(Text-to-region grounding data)
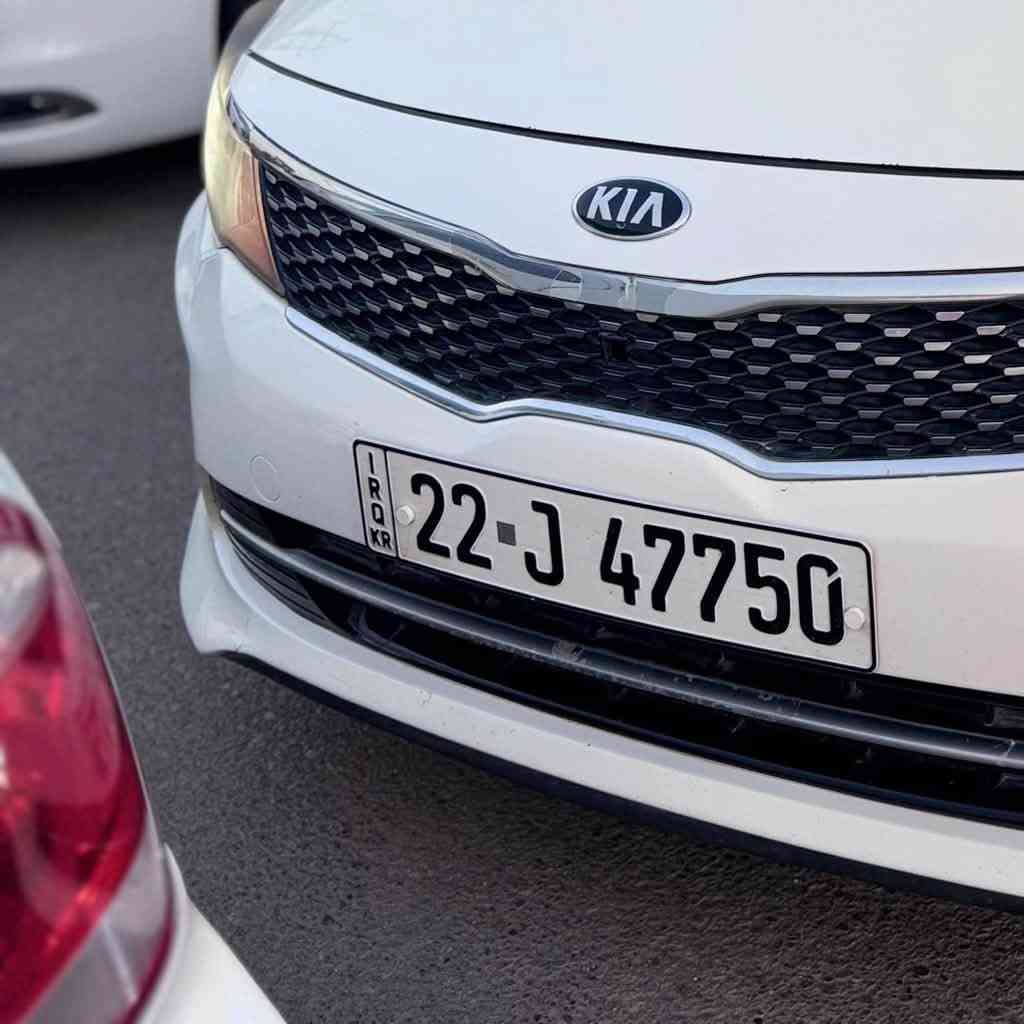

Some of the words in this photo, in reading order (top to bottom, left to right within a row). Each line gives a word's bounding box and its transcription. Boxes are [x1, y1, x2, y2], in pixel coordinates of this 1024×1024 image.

[586, 186, 664, 227] KIA
[367, 451, 385, 526] IRQ
[369, 527, 393, 550] KR
[411, 472, 492, 570] 22
[523, 500, 564, 587] J
[599, 516, 846, 646] 47750

* Work instructions *
Please print all the lines above exactly as given and leave out every picture.

* Output of the task *
Some of the words in this photo, in reading order (top to bottom, left to right within a row). Each line gives a word's bounding box and its transcription. Boxes are [x1, y1, x2, y2], in pixel coordinates of this 1024×1024 image.

[586, 186, 664, 227] KIA
[367, 451, 385, 526] IRQ
[369, 527, 393, 550] KR
[411, 472, 492, 570] 22
[523, 500, 564, 587] J
[599, 516, 846, 646] 47750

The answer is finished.